[Assignment]
Every record must be retyped exactly as it reads.

[Recorded data]
☆ ☆ ☆ ☆ ☆ ☆ ☆
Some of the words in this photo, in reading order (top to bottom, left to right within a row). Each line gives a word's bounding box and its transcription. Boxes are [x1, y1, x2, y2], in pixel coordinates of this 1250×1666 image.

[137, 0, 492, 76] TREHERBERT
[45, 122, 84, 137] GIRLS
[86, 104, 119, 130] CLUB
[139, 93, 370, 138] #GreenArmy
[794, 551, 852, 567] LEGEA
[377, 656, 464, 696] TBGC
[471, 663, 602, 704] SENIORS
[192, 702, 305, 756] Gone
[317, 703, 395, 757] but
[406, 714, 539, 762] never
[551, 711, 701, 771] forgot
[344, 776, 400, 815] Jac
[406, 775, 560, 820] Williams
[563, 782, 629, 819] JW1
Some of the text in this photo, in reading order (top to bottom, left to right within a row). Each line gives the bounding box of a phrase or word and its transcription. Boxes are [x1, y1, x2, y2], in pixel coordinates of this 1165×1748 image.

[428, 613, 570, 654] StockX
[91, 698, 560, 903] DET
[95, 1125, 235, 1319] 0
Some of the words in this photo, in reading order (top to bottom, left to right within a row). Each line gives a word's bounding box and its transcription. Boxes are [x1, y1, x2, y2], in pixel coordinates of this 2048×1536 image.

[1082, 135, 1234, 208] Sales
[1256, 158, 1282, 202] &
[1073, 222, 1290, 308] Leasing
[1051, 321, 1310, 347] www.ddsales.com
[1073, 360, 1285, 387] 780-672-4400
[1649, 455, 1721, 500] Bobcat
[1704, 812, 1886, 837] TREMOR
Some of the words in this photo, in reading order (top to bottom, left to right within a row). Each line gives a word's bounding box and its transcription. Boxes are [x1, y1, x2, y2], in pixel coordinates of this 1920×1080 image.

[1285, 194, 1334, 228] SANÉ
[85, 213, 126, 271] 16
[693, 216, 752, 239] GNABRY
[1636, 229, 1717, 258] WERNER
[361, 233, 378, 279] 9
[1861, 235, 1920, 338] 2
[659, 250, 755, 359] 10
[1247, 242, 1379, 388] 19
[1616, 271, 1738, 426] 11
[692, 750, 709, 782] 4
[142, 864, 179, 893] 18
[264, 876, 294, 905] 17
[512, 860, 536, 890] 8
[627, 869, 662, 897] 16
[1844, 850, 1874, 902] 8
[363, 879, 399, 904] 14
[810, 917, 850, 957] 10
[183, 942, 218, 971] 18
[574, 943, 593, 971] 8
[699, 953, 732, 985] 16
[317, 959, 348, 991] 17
☆ ☆ ☆ ☆ ☆ ☆ ☆
[Final answer]
Some of the words in this photo, in reading order (top to bottom, left to right within a row). Each line gives a word's bounding box and its transcription. Boxes are [x1, y1, x2, y2], in pixel coordinates of this 1250×1666 image.

[137, 0, 492, 76] TREHERBERT
[45, 122, 84, 137] GIRLS
[86, 104, 119, 130] CLUB
[139, 93, 370, 138] #GreenArmy
[794, 551, 852, 567] LEGEA
[377, 656, 464, 696] TBGC
[471, 663, 602, 704] SENIORS
[192, 702, 305, 756] Gone
[317, 703, 395, 757] but
[406, 714, 539, 762] never
[551, 711, 701, 771] forgot
[344, 776, 400, 815] Jac
[406, 775, 560, 820] Williams
[563, 782, 629, 819] JW1
Some of the text in this photo, in reading order (top to bottom, left to right within a row). Each line gives the bounding box of a phrase or word and its transcription. Boxes are [x1, y1, x2, y2], in pixel coordinates of this 1165×1748 image.

[428, 613, 570, 654] StockX
[91, 698, 560, 903] DET
[95, 1125, 235, 1319] 0
Some of the words in this photo, in reading order (top to bottom, left to right within a row). Each line gives a word's bounding box and its transcription. Boxes are [x1, y1, x2, y2], in pixel coordinates of this 2048×1536 image.

[1082, 135, 1234, 208] Sales
[1256, 158, 1282, 202] &
[1073, 222, 1290, 308] Leasing
[1051, 321, 1310, 347] www.ddsales.com
[1073, 360, 1285, 387] 780-672-4400
[1649, 455, 1721, 500] Bobcat
[1704, 812, 1886, 837] TREMOR
Some of the words in this photo, in reading order (top to bottom, left to right within a row). Each line gives a word's bounding box and its transcription. Boxes are [x1, y1, x2, y2], in pixel coordinates of this 1920×1080 image.

[1285, 194, 1334, 228] SANÉ
[85, 213, 126, 271] 16
[693, 216, 752, 239] GNABRY
[1636, 229, 1717, 258] WERNER
[361, 233, 378, 279] 9
[1861, 235, 1920, 338] 2
[659, 250, 755, 359] 10
[1247, 242, 1379, 388] 19
[1616, 271, 1738, 426] 11
[692, 750, 709, 782] 4
[142, 864, 179, 893] 18
[264, 876, 294, 905] 17
[512, 860, 536, 890] 8
[627, 869, 662, 897] 16
[1844, 850, 1874, 902] 8
[363, 879, 399, 904] 14
[810, 917, 850, 957] 10
[183, 942, 218, 971] 18
[574, 943, 593, 971] 8
[699, 953, 732, 985] 16
[317, 959, 348, 991] 17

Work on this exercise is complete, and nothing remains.